To do
Whatever appears in the records apart from pictures must be reproduced exactly.

=== The records ===

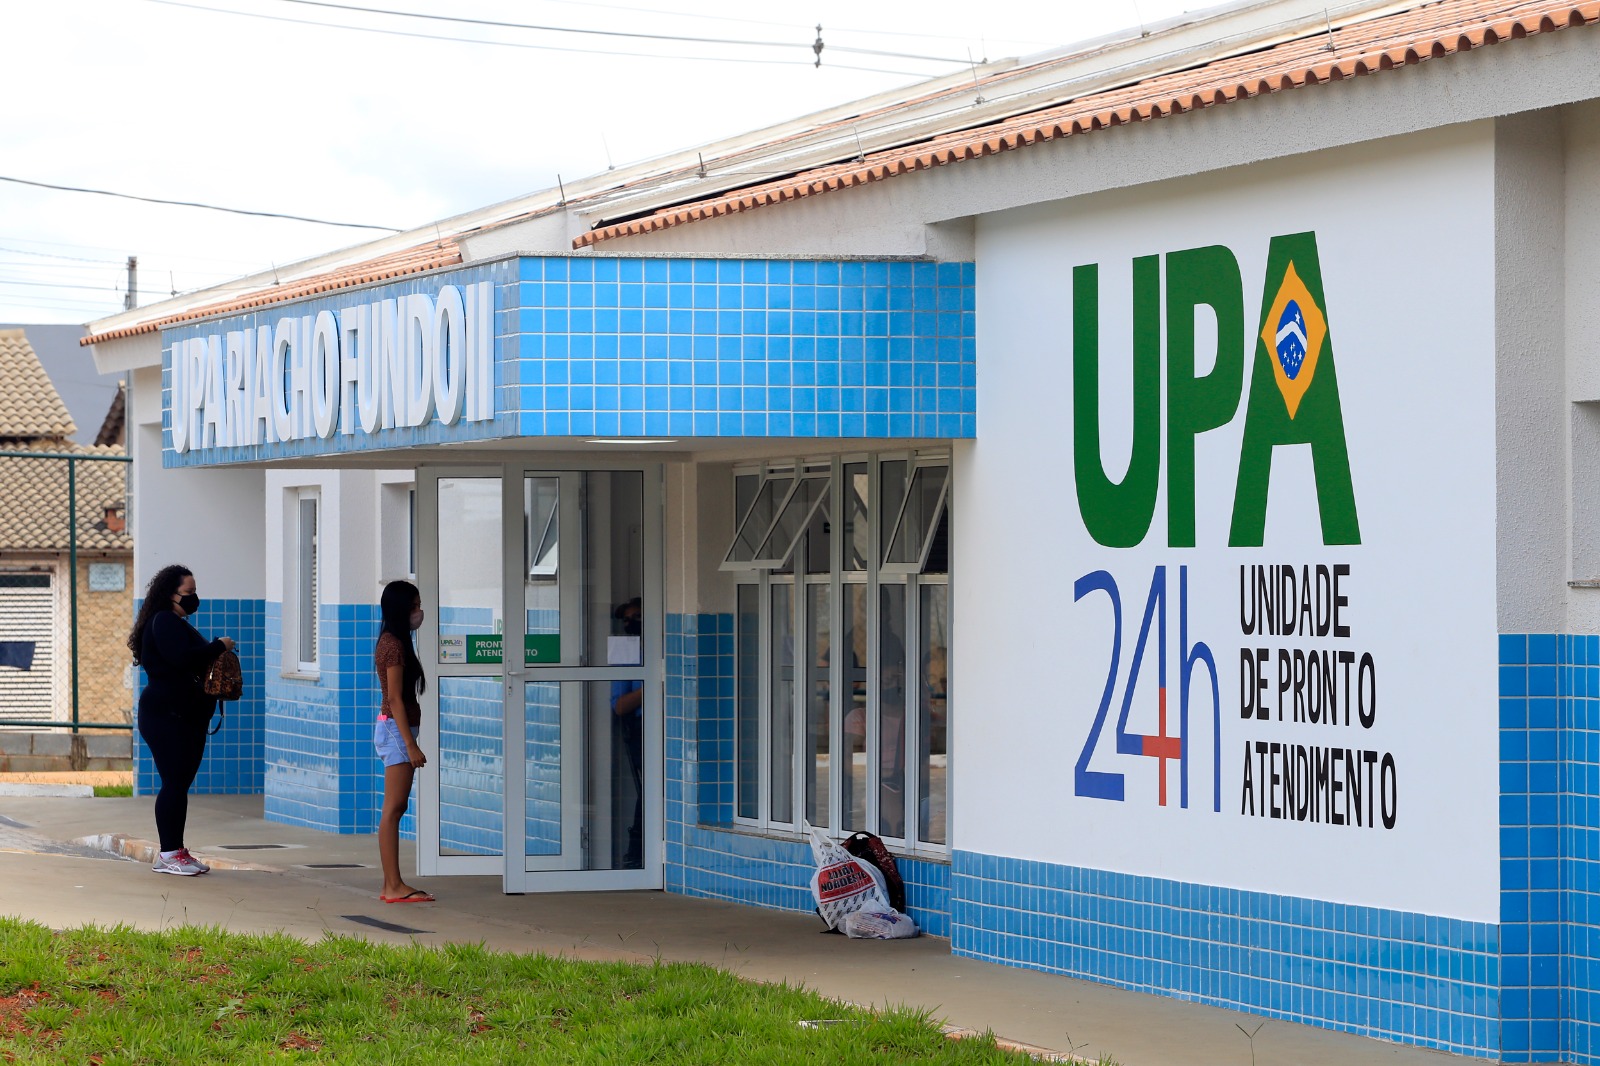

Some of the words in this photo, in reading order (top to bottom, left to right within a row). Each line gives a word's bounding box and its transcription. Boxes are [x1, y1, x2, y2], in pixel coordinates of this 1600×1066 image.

[171, 334, 227, 453] UPA
[226, 310, 340, 447] RIACHO
[340, 285, 466, 435] FUNDO
[1073, 231, 1362, 548] UPA
[475, 640, 503, 649] PRONT
[1240, 564, 1350, 638] UNIDADE
[1074, 565, 1221, 812] 24h
[1240, 647, 1270, 720] DE
[1278, 648, 1376, 729] PRONTO
[1241, 740, 1397, 830] ATENDIMENTO

===

Expected answer
Some of the words in this photo, in reading order (top to bottom, left to right within a row). Each line gives a word's bounding box and its transcription. Boxes are [x1, y1, x2, y2], in pixel coordinates of this 1600×1066 image.

[171, 334, 227, 453] UPA
[226, 310, 340, 447] RIACHO
[340, 285, 466, 435] FUNDO
[1073, 231, 1362, 548] UPA
[475, 640, 503, 649] PRONT
[1240, 564, 1350, 638] UNIDADE
[1074, 565, 1221, 812] 24h
[1240, 647, 1270, 720] DE
[1278, 648, 1376, 729] PRONTO
[1241, 740, 1397, 830] ATENDIMENTO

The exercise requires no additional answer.